Description
A software system that accepts path input in the form of single dot directory exploit (‘/./’) without appropriate validation can lead to ambiguous path resolution and allow an attacker to traverse the file system to unintended locations or access arbitrary files.
Modes of Introduction:
– Implementation
Related Weaknesses
Consequences
Confidentiality, Integrity: Read Files or Directories, Modify Files or Directories
Potential Mitigations
Phase: Implementation
Description:
Inputs should be decoded and canonicalized to the application’s current internal representation before being validated (CWE-180). Make sure that the application does not decode the same input twice (CWE-174).
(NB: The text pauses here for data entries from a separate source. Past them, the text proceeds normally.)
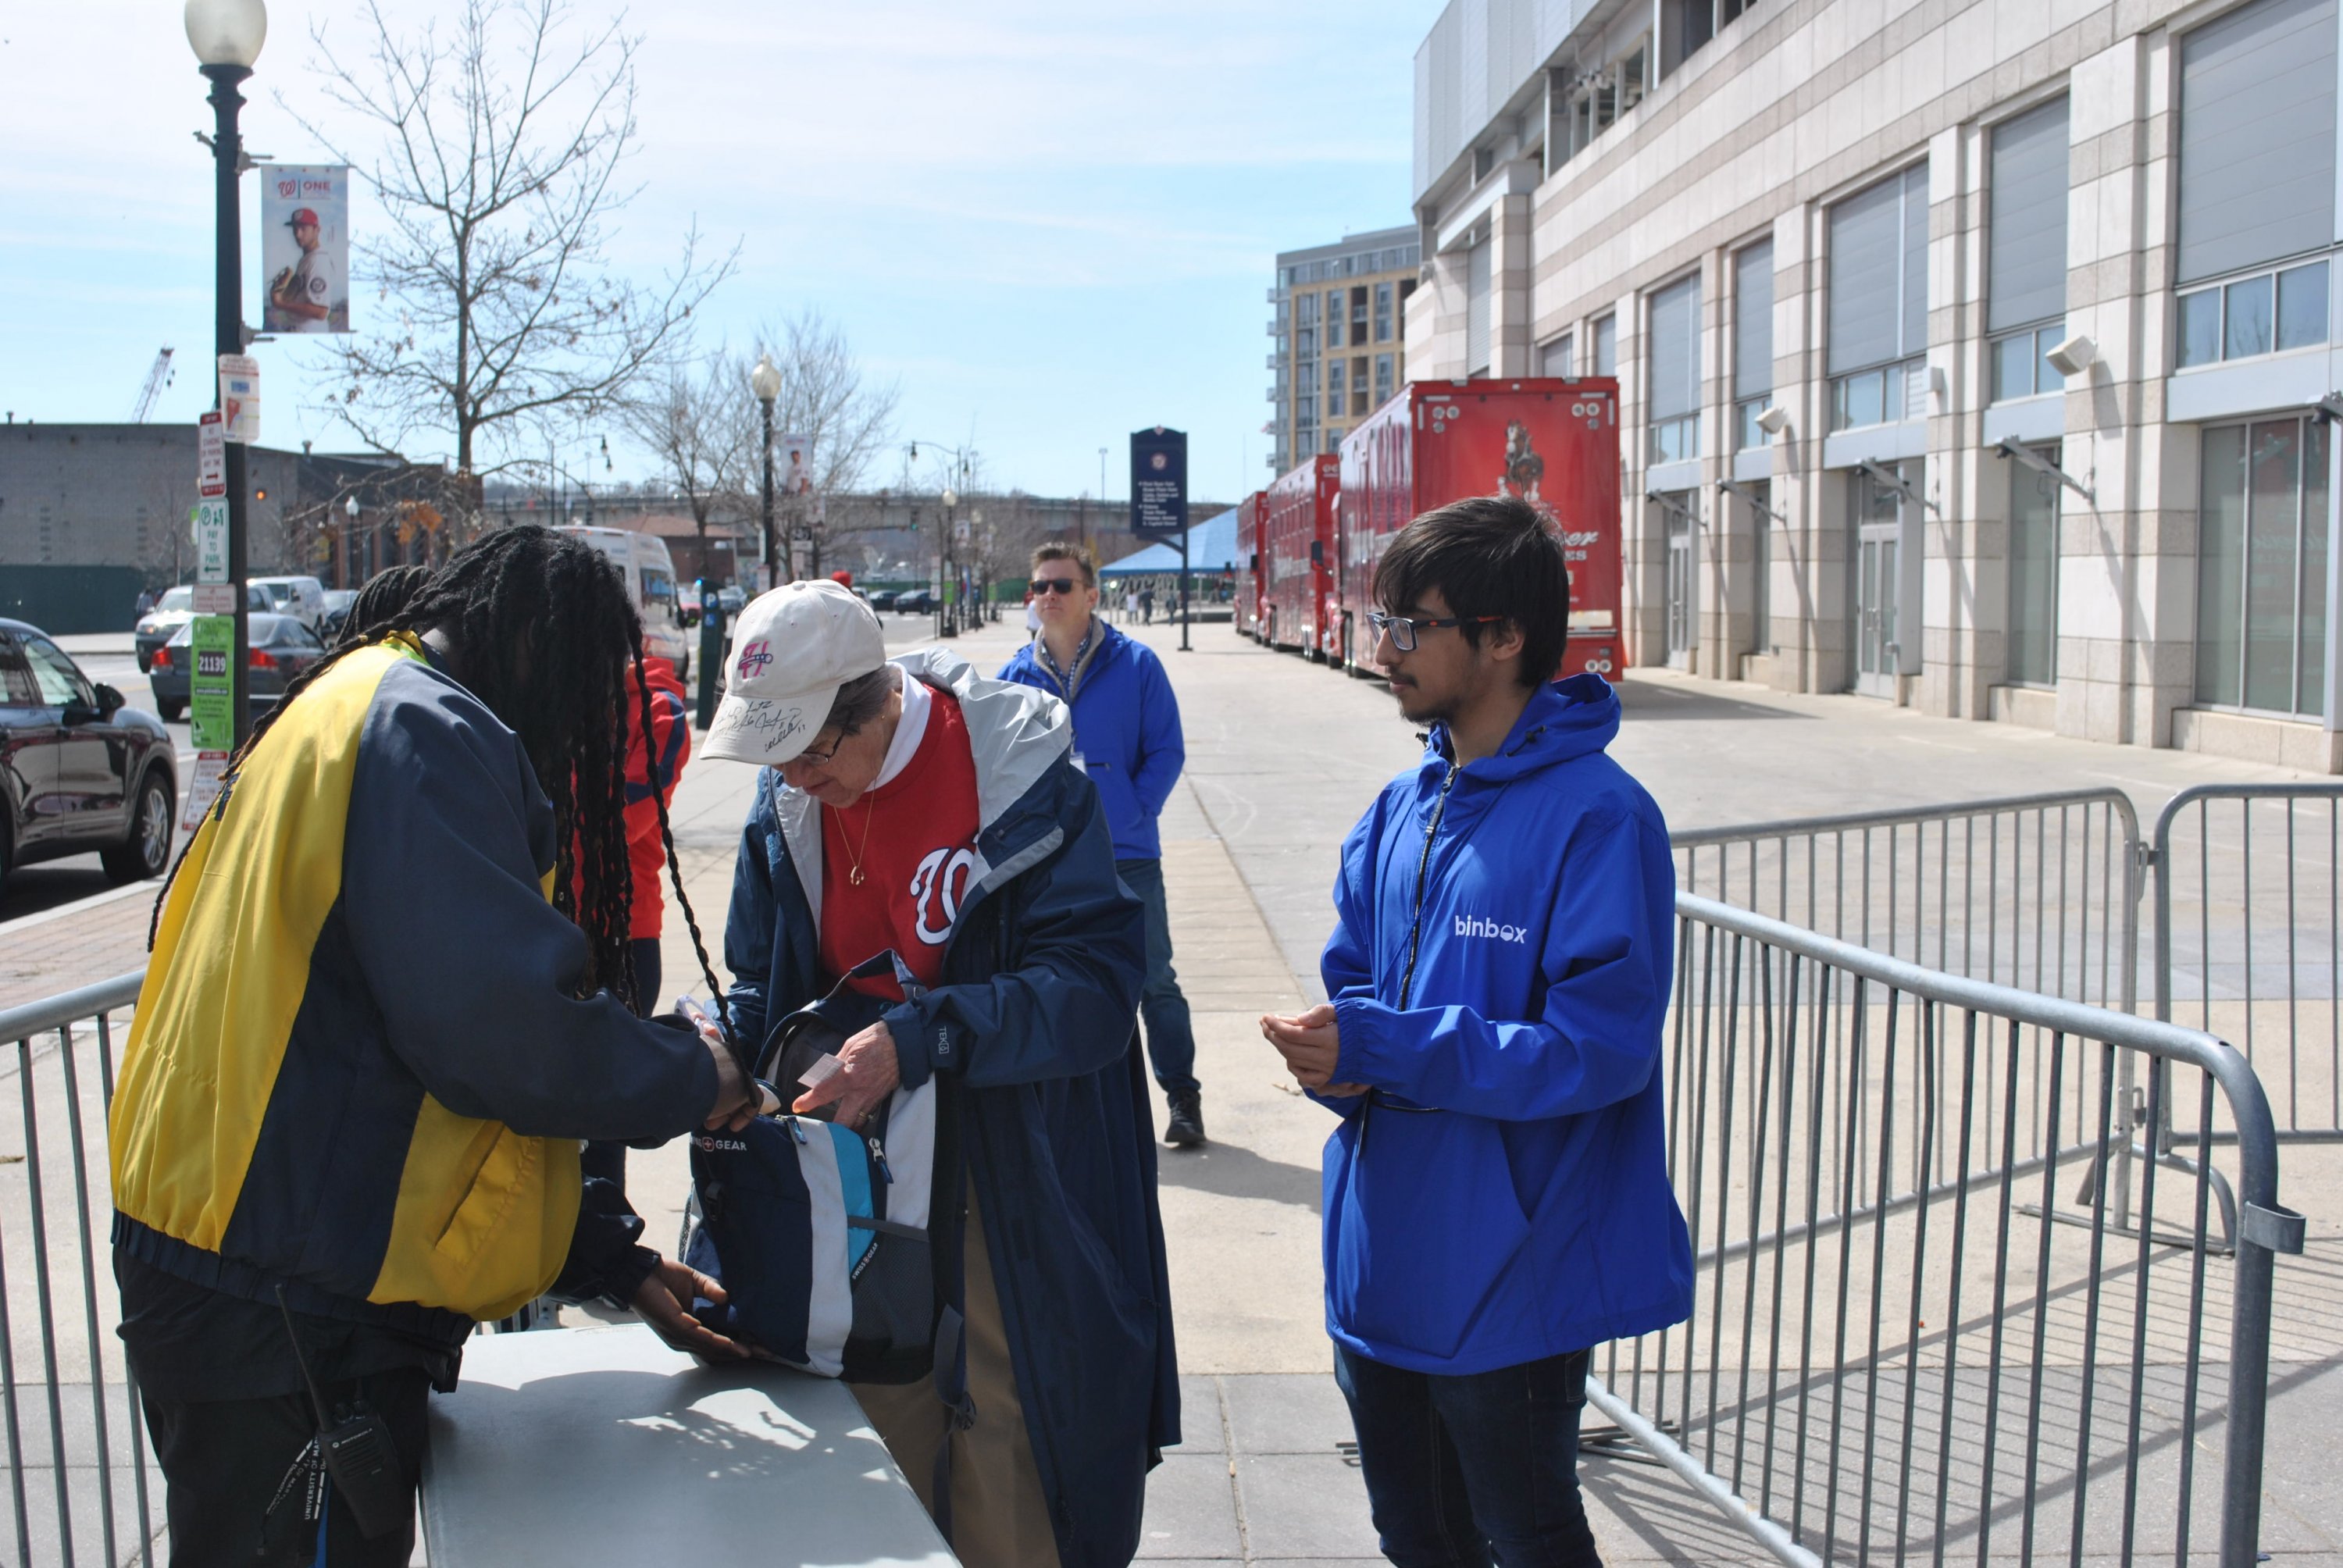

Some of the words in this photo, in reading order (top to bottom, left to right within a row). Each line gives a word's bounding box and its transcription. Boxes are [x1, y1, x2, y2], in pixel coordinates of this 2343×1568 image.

[303, 181, 331, 191] ONE
[205, 554, 220, 564] PARK
[198, 656, 226, 672] 21139
[1455, 914, 1528, 944] binbox
[715, 1140, 747, 1151] GEAR
[852, 1262, 866, 1280] SWISS
[868, 1242, 879, 1258] GEAR
[305, 1472, 316, 1520] UNIVERSITY
[311, 1459, 318, 1469] OF
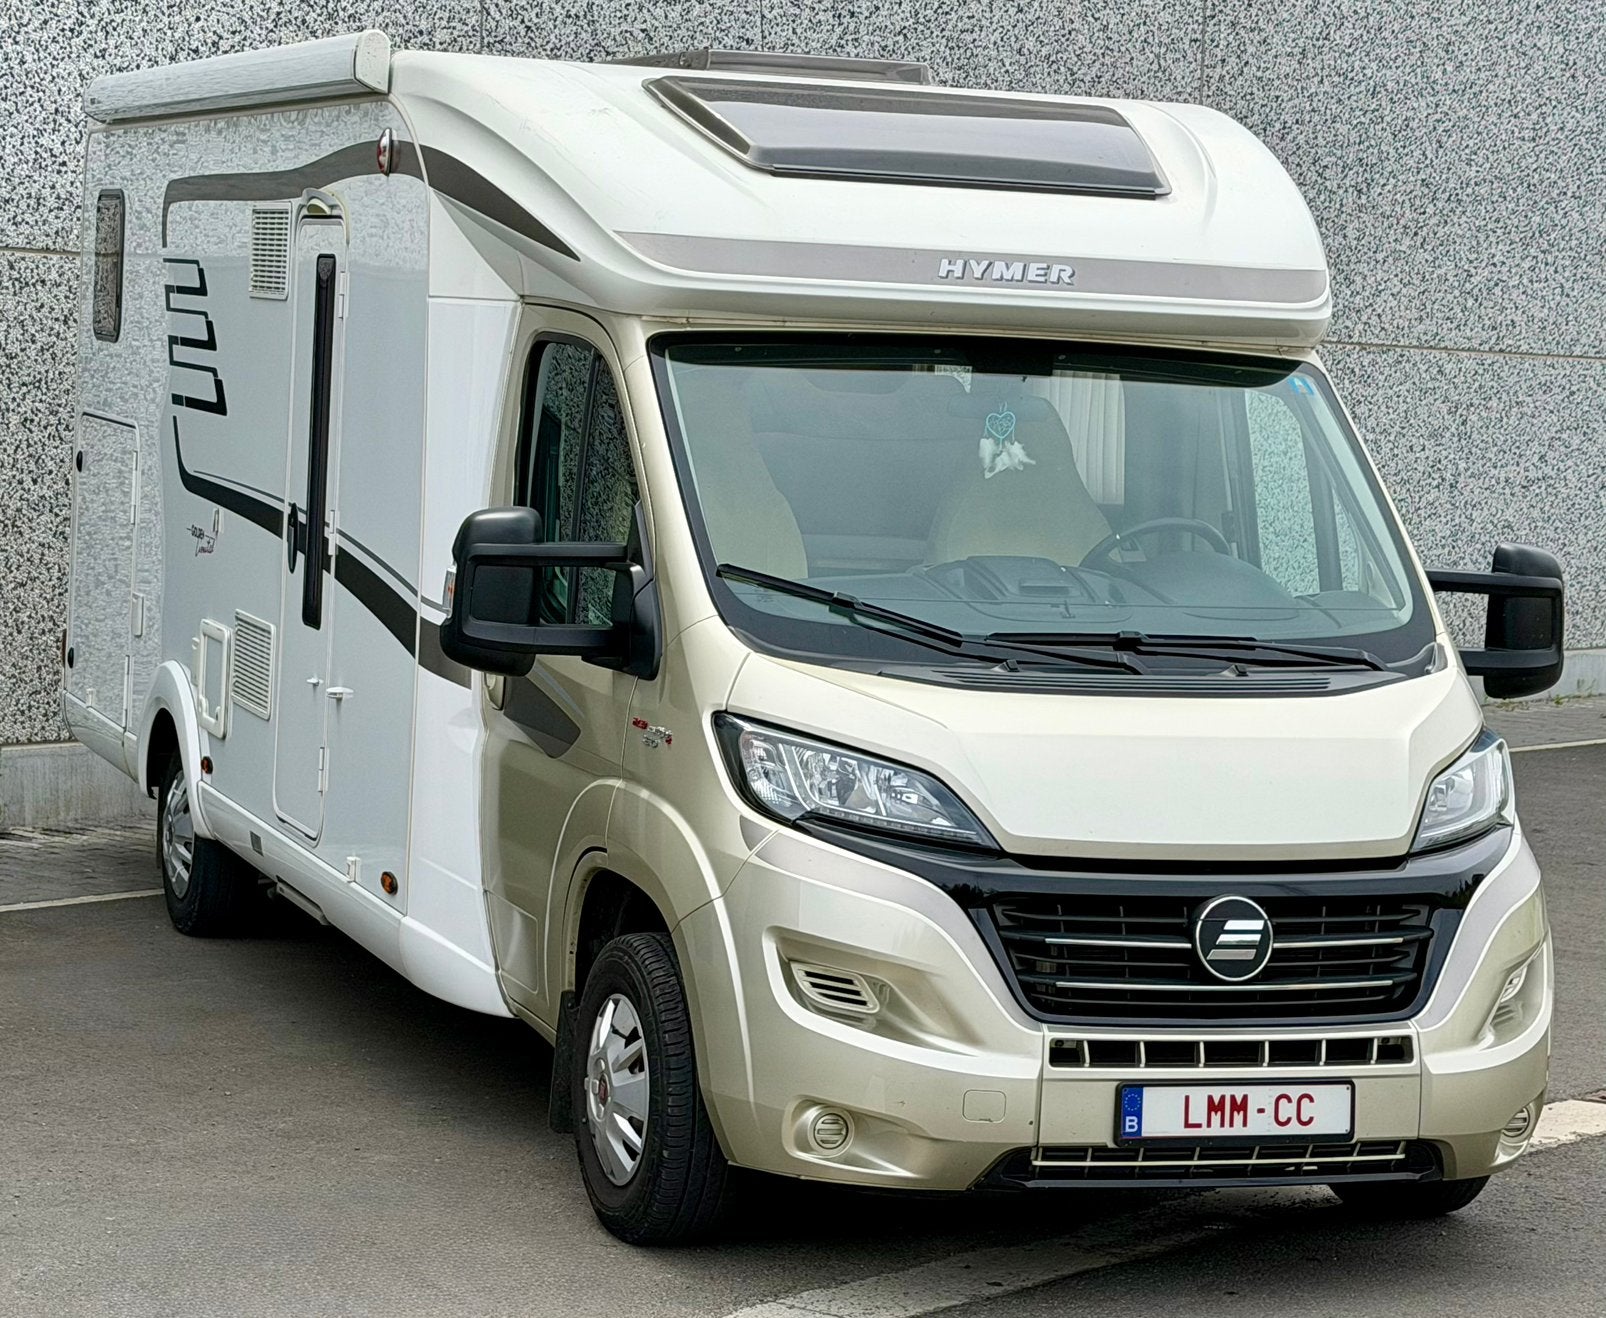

Such errors could be used to bypass allowlist validation schemes by introducing dangerous inputs after they have been checked.
CVE References
- CVE-2000-0004
- Server allows remote attackers to read source code for executable files by inserting a . (dot) into the URL.
- CVE-2002-0304
- Server allows remote attackers to read password-protected files via a /./ in the HTTP request.
- BID:6042
- Input Validation error
- CVE-1999-1083
- Possibly (could be a cleansing error)
- CVE-2004-0815
- “/./////etc” cleansed to “.///etc” then “/etc”
- CVE-2002-0112
- Server allows remote attackers to view password protected files via /./ in the URL.